(RECORDS TO USE)
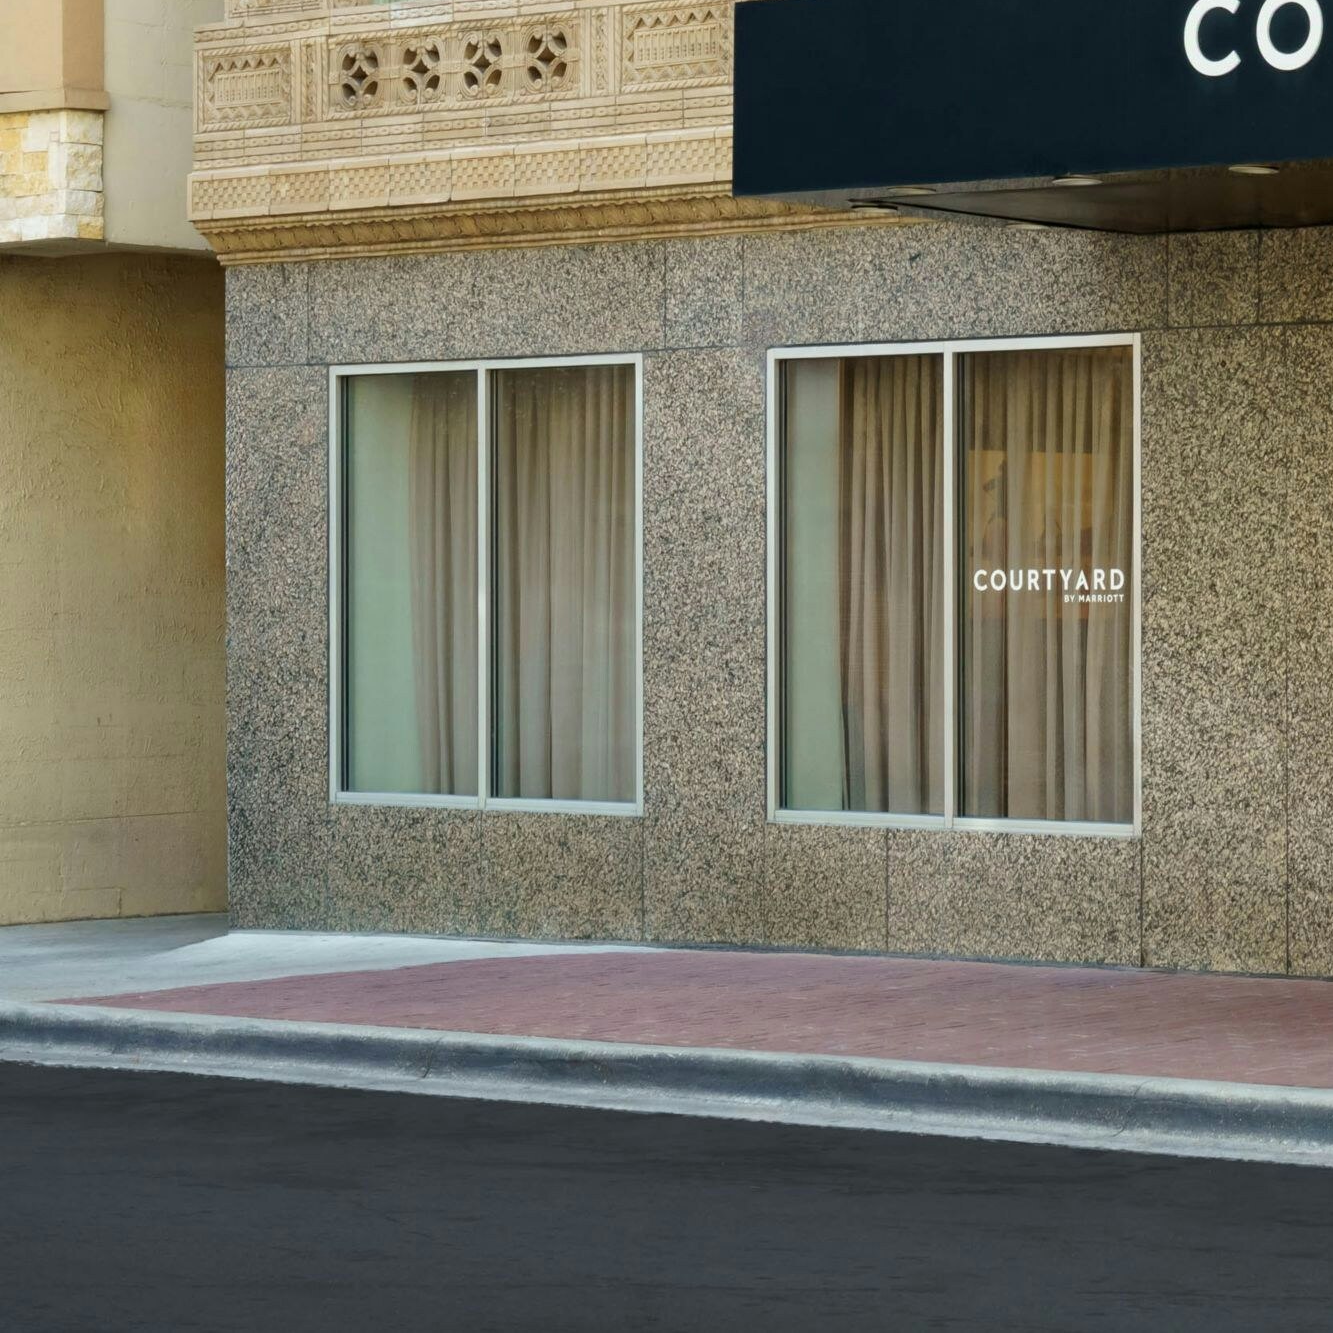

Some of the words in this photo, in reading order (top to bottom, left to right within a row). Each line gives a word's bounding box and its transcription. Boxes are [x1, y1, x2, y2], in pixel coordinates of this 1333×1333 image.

[973, 568, 1125, 591] COURTYARD
[1064, 594, 1075, 603] BY
[1078, 594, 1125, 603] MARRIOTT
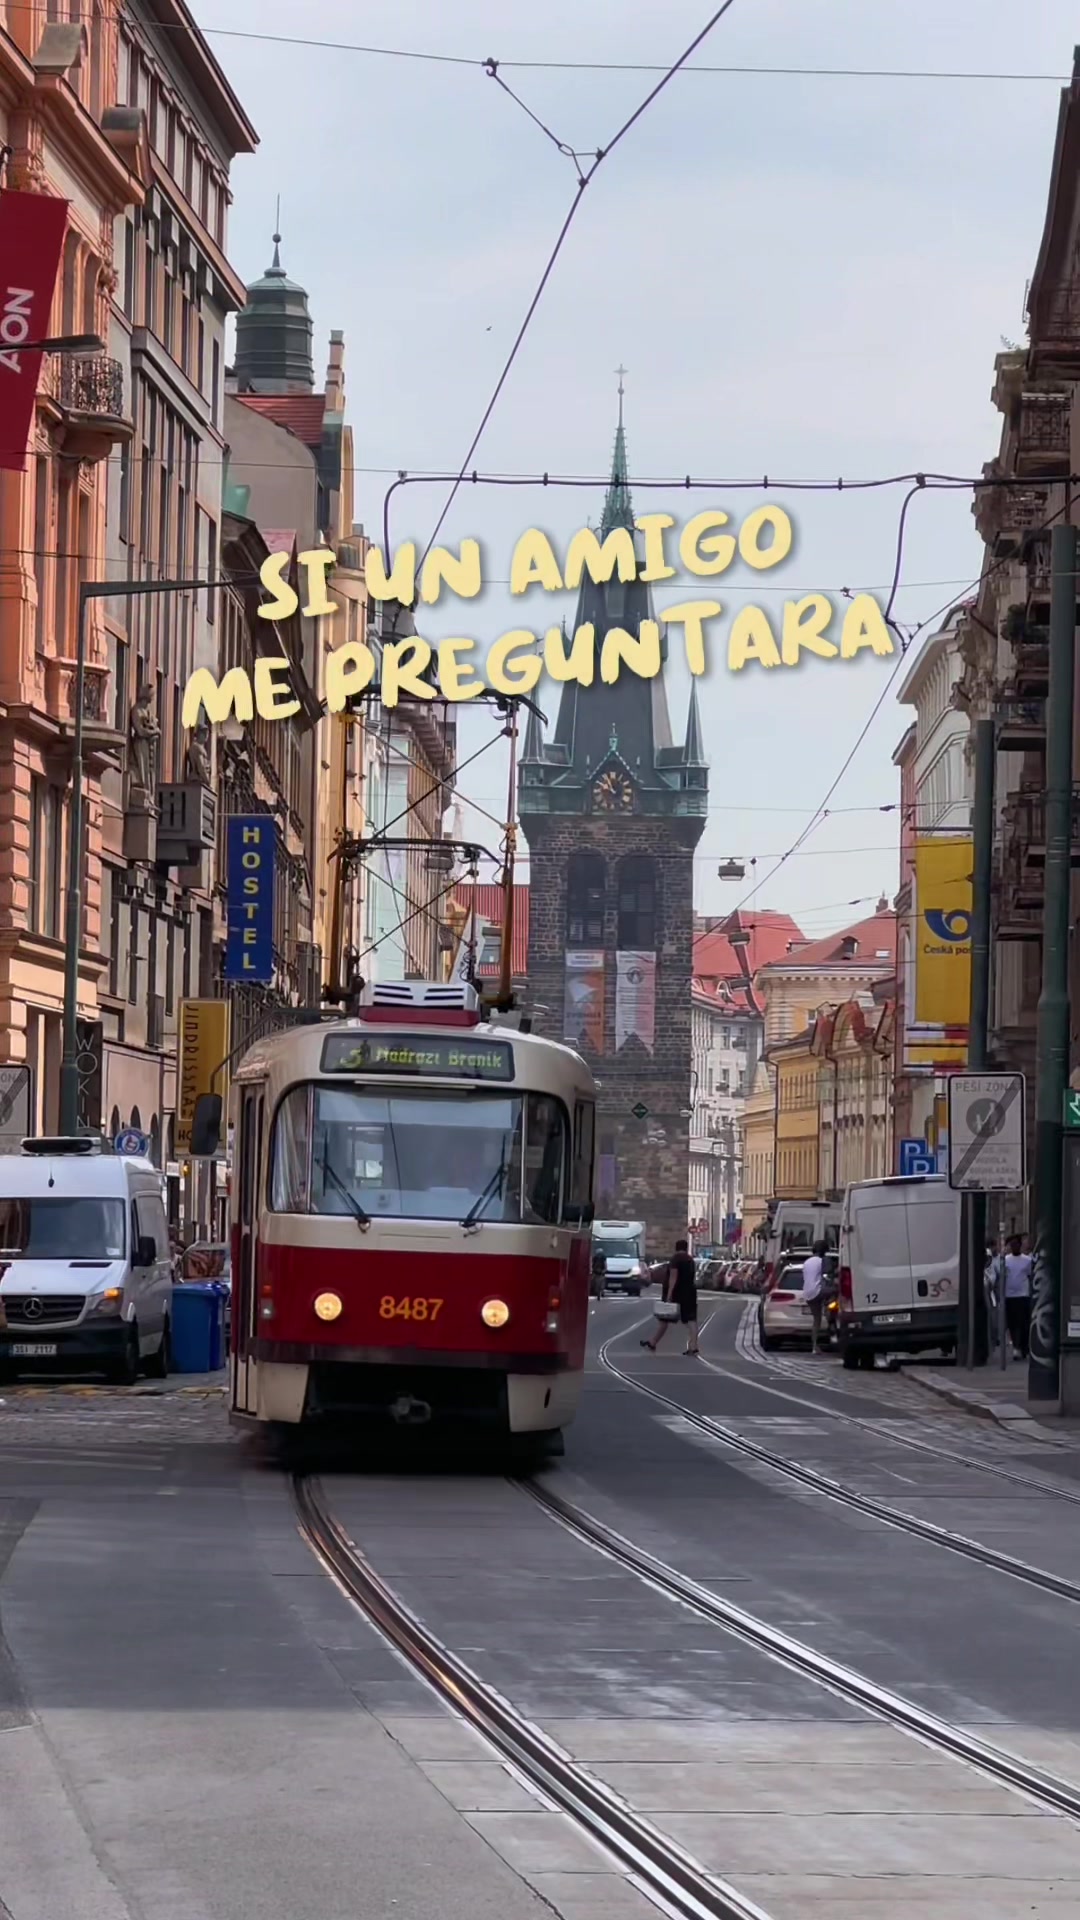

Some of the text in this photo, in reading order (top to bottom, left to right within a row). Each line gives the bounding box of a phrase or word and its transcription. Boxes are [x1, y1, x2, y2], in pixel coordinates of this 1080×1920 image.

[0, 287, 34, 374] AON
[242, 826, 261, 969] HOSTEL
[924, 943, 953, 954] Česká
[904, 1142, 921, 1174] P
[912, 1159, 930, 1174] P
[379, 1295, 444, 1321] 8487
[866, 1293, 879, 1304] 12
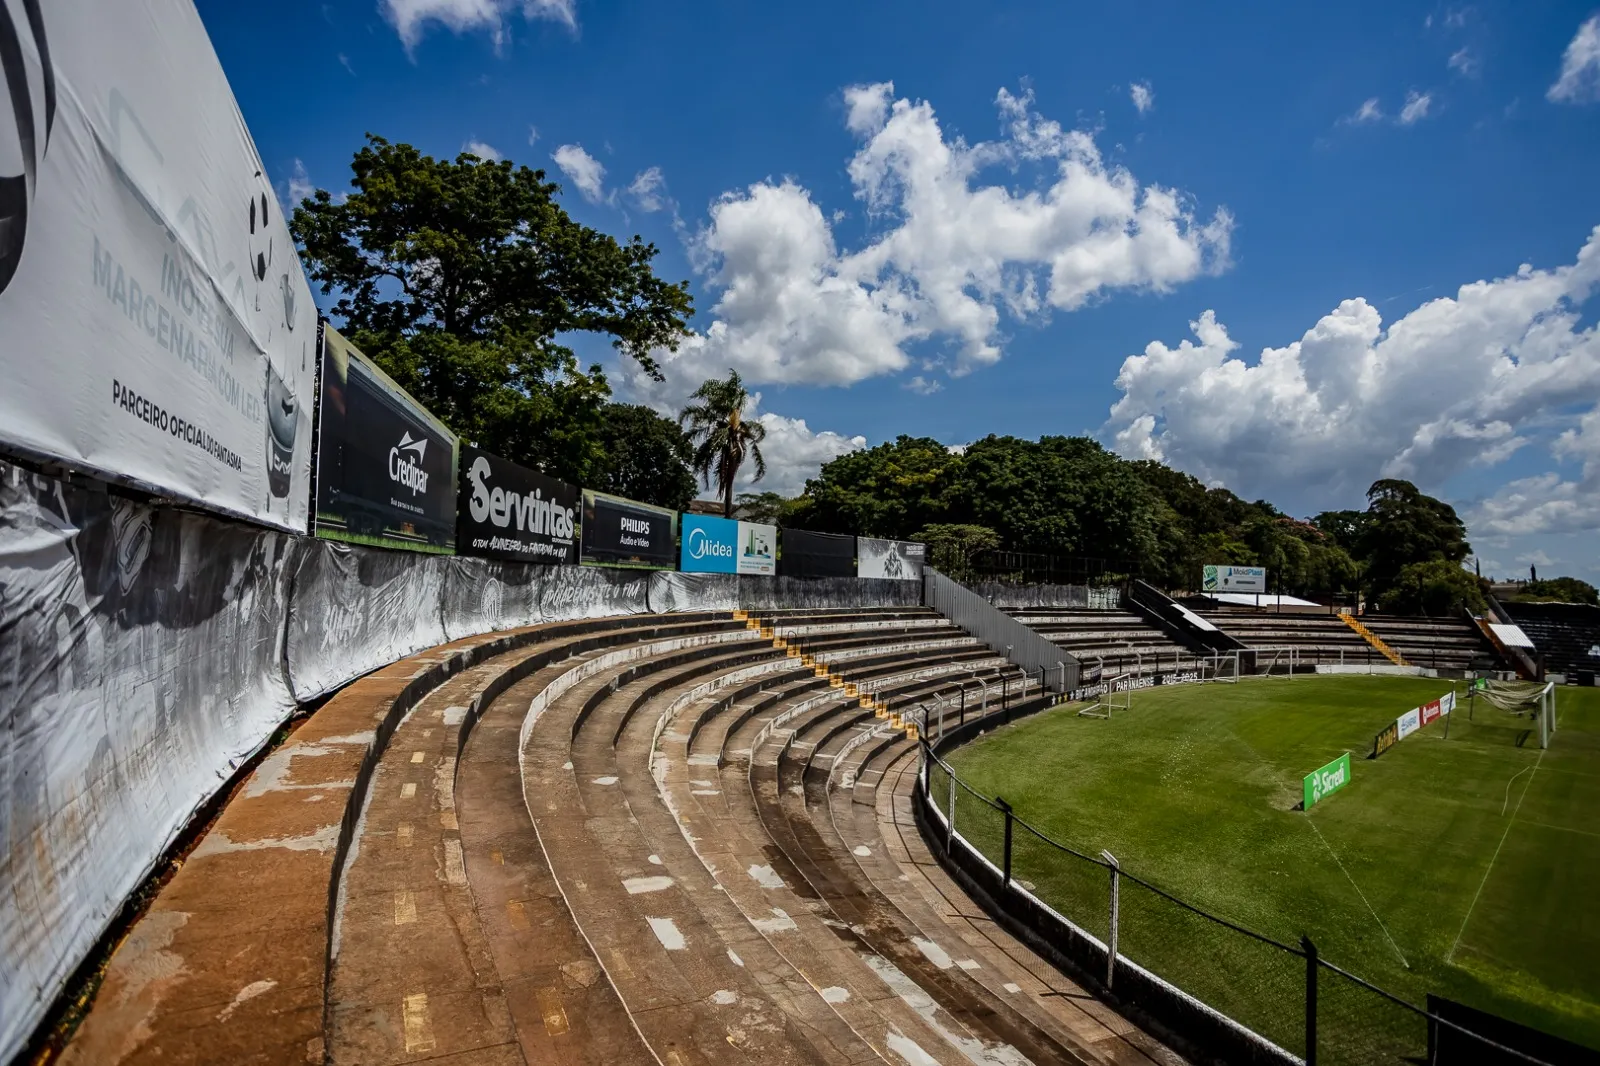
(End RECORDS TO USE)
• ACTIVITY
Beginning at the line that holds "Some of the text" and ending with the last line of the entries, please set down each line exactly, leaving every picture out.

• TASK RESULT
Some of the text in this photo, in reading order (top to bottom, left to right within a row). Each line gives the bounding box of a phrase or word and its transcription. Boxes are [x1, y1, x2, y2], in pixel coordinates of this 1080×1920 image.

[0, 287, 34, 374] AON
[242, 826, 261, 969] HOSTEL
[924, 943, 953, 954] Česká
[904, 1142, 921, 1174] P
[912, 1159, 930, 1174] P
[379, 1295, 444, 1321] 8487
[866, 1293, 879, 1304] 12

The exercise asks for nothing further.